EMR systems are used for more than taking and sharing notes. Most of them incorporate decision-support software that, through on-screen checklists and prompts, provides guidance and suggestions to doctors during the course of consultations and examinations....
A study of primary-care physicians who adopted electronic records, conducted by Timothy Hoff, a professor at SUNY’s University at Albany School of Public Health, reveals evidence of what Hoff terms “deskilling outcomes,” including “decreased clinical knowledge” and “increased stereotyping of patients.” In 2007 and 2008, Hoff interviewed seventy-eight physicians from primary-care practices of various sizes in upstate New York. Three-fourths of the doctors were routinely using EMR systems, and most of them said they feared computerization was leading to less thorough, less personalized care. The physicians using computers told Hoff that they would regularly “cut-and-paste” boilerplate text into their reports on patient visits, whereas when they dictated notes or wrote them by hand they “gave greater consideration to the quality and uniqueness of the information being read into the record.” Indeed, said the doctors, the very process of writing and dictation had served as a kind of “red flag” that forced them to slow down and “consider what they wanted to say.” The doctors complained to Hoff that the homogenized text of electronic records can diminish the richness of their understanding of patients, undercutting their “ability to make informed decisions around diagnosis and treatment.”...

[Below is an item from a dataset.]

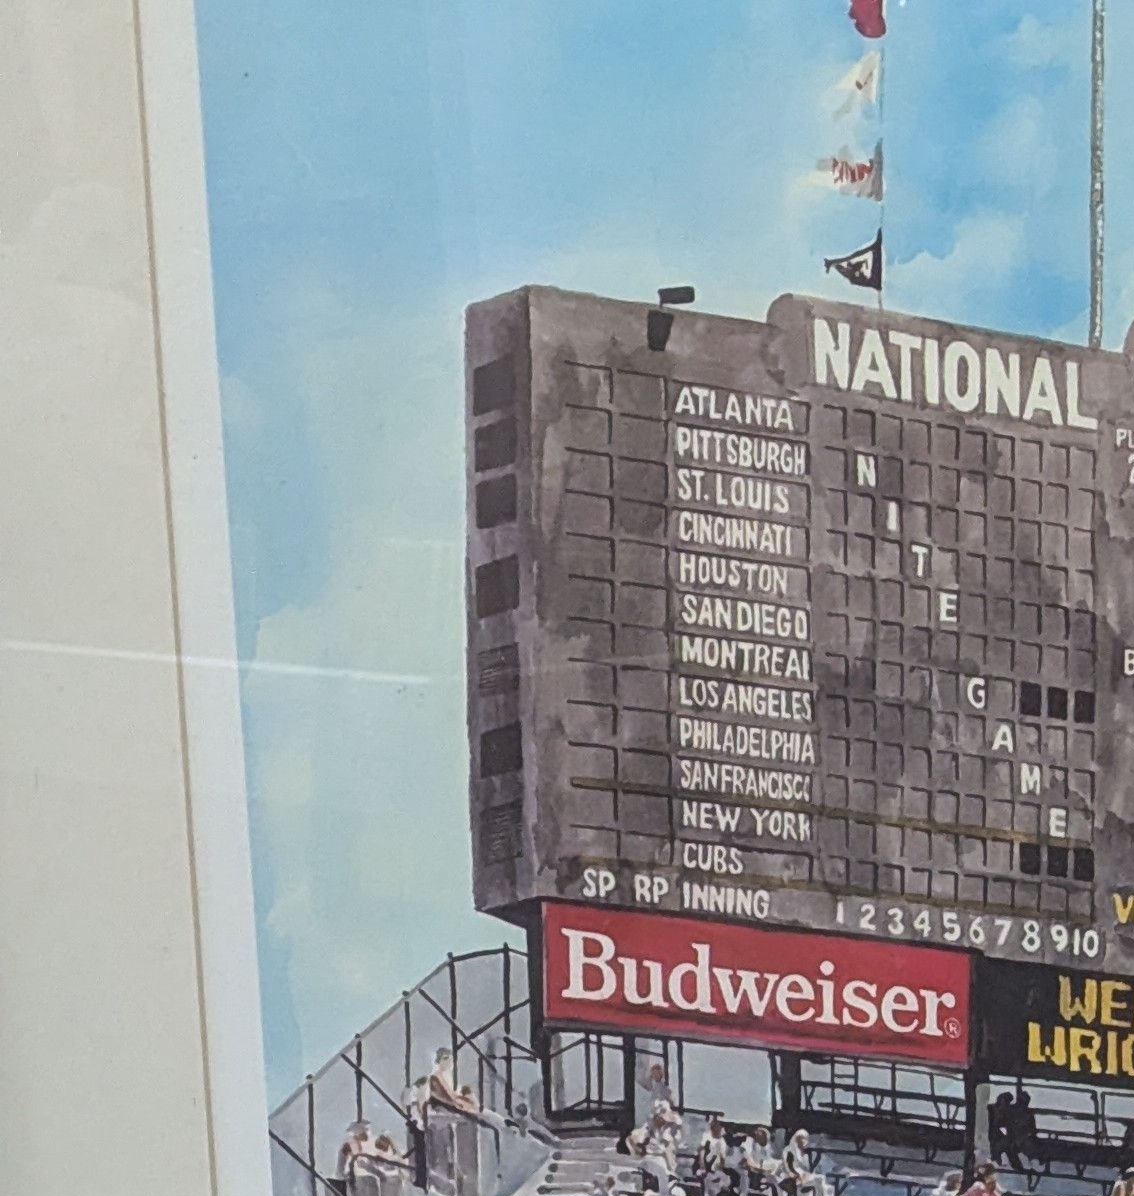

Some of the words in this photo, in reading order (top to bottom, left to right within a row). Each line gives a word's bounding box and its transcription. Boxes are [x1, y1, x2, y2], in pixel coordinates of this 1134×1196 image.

Although flipping through the pages of a traditional medical chart may seem archaic and inefficient these days, it can provide a doctor with a quick but meaningful sense of a patient’s health history, spanning many years. The more rigid way that computers present information actually tends to foreclose the long view. “In the computer,” Ofri writes, “all visits look the same from the outside, so it is impossible to tell which were thorough visits with extensive evaluation and which were only brief visits for medication refills.” Faced with the computer’s relatively inflexible interface, doctors often end up scanning a patient’s records for “only the last two or three visits; everything before that is effectively consigned to the electronic dust heap.”...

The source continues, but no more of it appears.